Top of Data for review

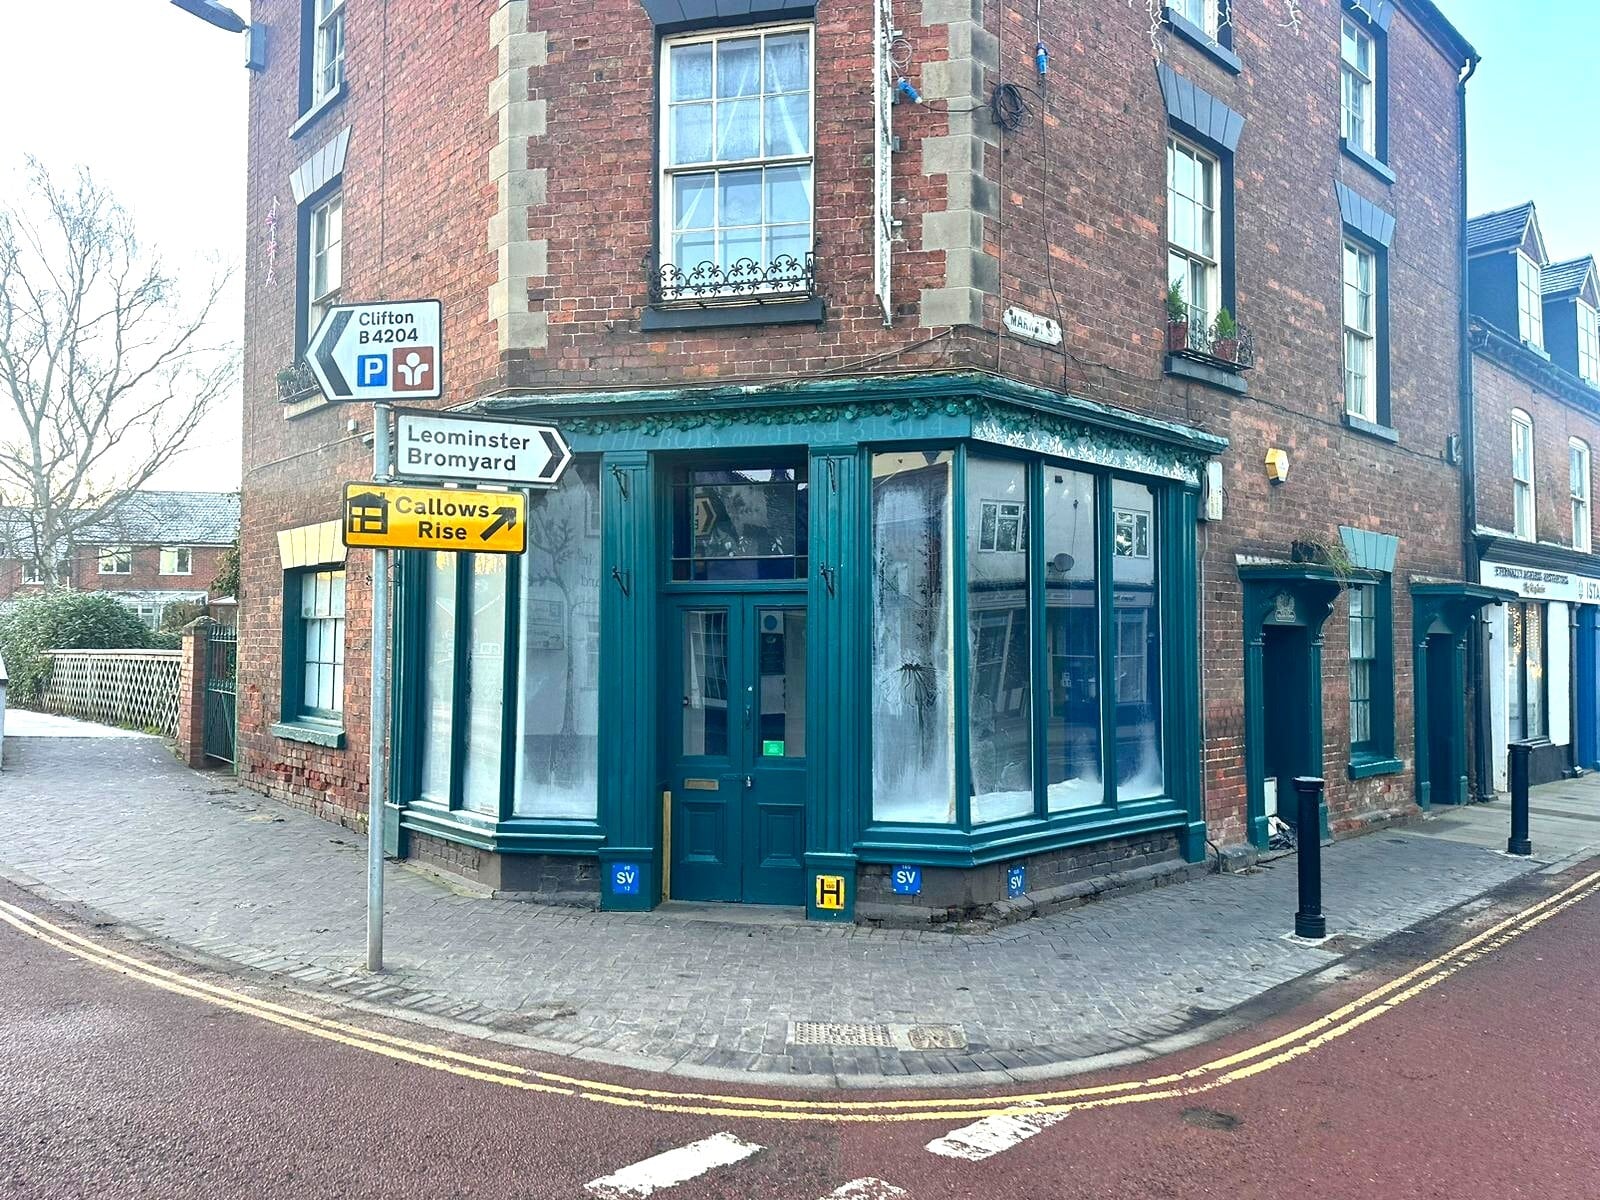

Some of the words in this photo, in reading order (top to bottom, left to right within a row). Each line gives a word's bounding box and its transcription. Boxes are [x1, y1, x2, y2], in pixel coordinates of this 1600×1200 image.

[358, 311, 414, 327] Clifton
[359, 327, 419, 345] B4204
[364, 357, 384, 384] P
[407, 424, 530, 451] Leominster
[407, 447, 517, 472] Bromyard
[395, 495, 490, 518] Callows
[418, 520, 468, 540] Rise
[617, 872, 635, 884] SV
[897, 871, 916, 883] SV
[1011, 875, 1022, 889] SV
[820, 878, 841, 905] H
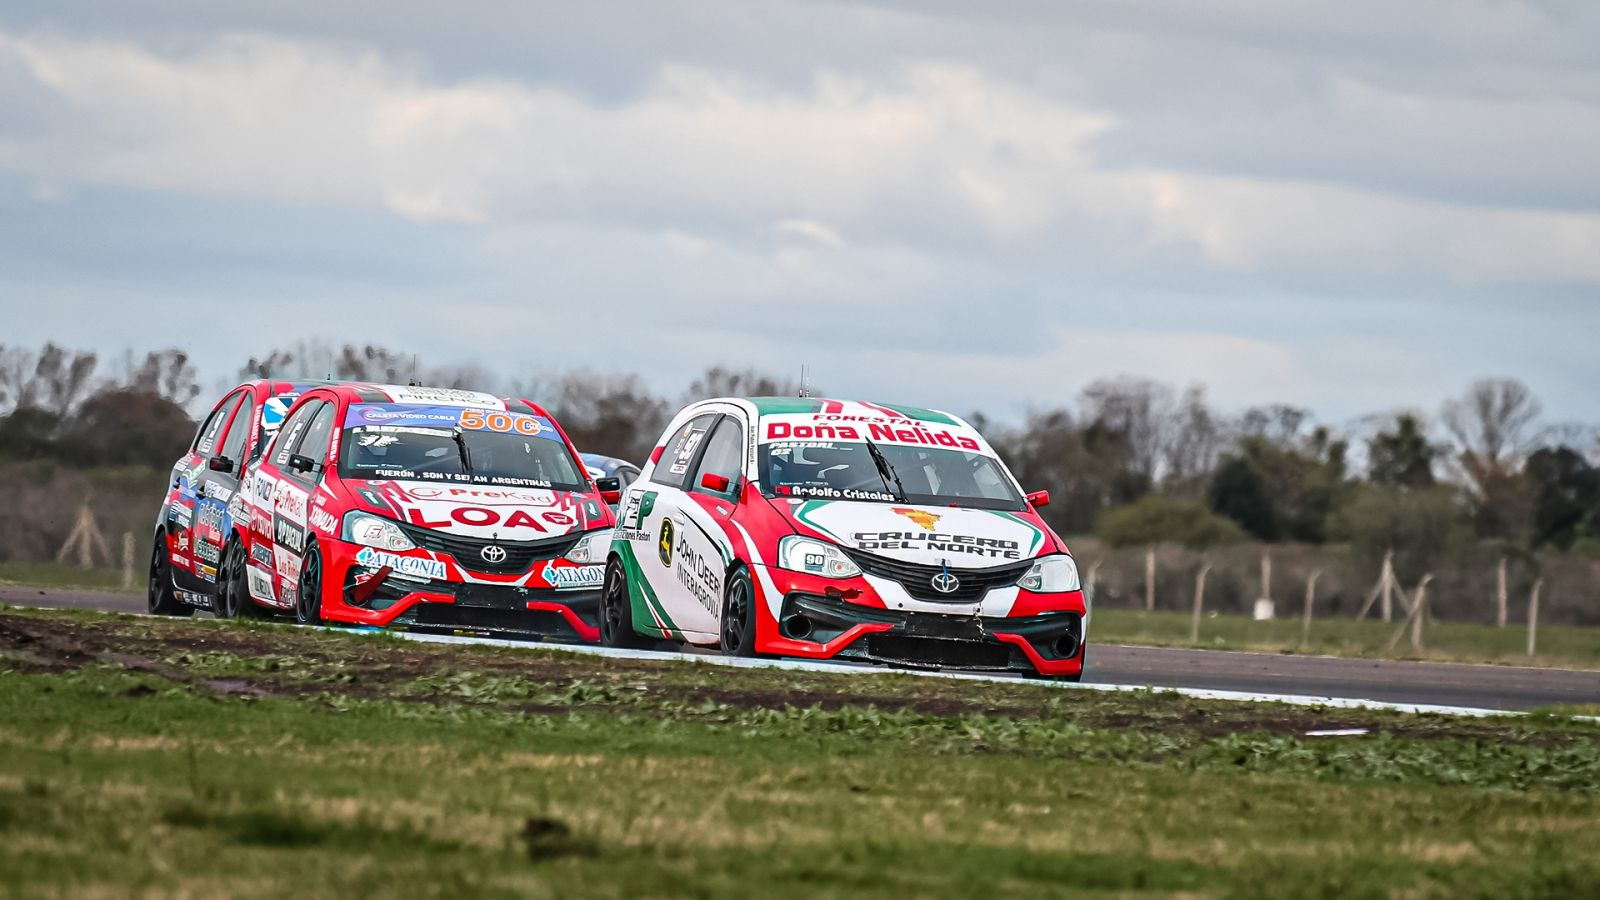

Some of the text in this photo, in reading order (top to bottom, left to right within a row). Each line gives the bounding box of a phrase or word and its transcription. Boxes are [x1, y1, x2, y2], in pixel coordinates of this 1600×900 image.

[366, 412, 401, 420] CALETA
[428, 414, 456, 422] CABLE
[812, 415, 926, 427] FORESTAL
[767, 423, 981, 451] Doña Nelida
[422, 472, 444, 480] SON
[491, 476, 552, 488] ARGENTINAS
[448, 488, 552, 504] PreKad
[843, 489, 895, 501] Cristales
[854, 532, 1019, 550] CRUCERO
[676, 531, 697, 572] JOHN
[858, 541, 1021, 560] DEL NORTE
[805, 554, 825, 565] 90

Bottom of Data for review

* _What you have to do_: Word for word, quote the full listing, omitting every picture.

* _Result for this exercise_:
Some of the words in this photo, in reading order (top to bottom, left to right within a row). Each line gives a word's bounding box and its transcription. Boxes are [x1, y1, x2, y2], in pixel coordinates of this 1600×1200 image.

[358, 311, 414, 327] Clifton
[359, 327, 419, 345] B4204
[364, 357, 384, 384] P
[407, 424, 530, 451] Leominster
[407, 447, 517, 472] Bromyard
[395, 495, 490, 518] Callows
[418, 520, 468, 540] Rise
[617, 872, 635, 884] SV
[897, 871, 916, 883] SV
[1011, 875, 1022, 889] SV
[820, 878, 841, 905] H

Some of the text in this photo, in reading order (top to bottom, left to right within a row). Each line gives the bounding box of a phrase or word and its transcription. Boxes are [x1, y1, x2, y2], in pixel coordinates of this 1600×900 image.

[366, 412, 401, 420] CALETA
[428, 414, 456, 422] CABLE
[812, 415, 926, 427] FORESTAL
[767, 423, 981, 451] Doña Nelida
[422, 472, 444, 480] SON
[491, 476, 552, 488] ARGENTINAS
[448, 488, 552, 504] PreKad
[843, 489, 895, 501] Cristales
[854, 532, 1019, 550] CRUCERO
[676, 531, 697, 572] JOHN
[858, 541, 1021, 560] DEL NORTE
[805, 554, 825, 565] 90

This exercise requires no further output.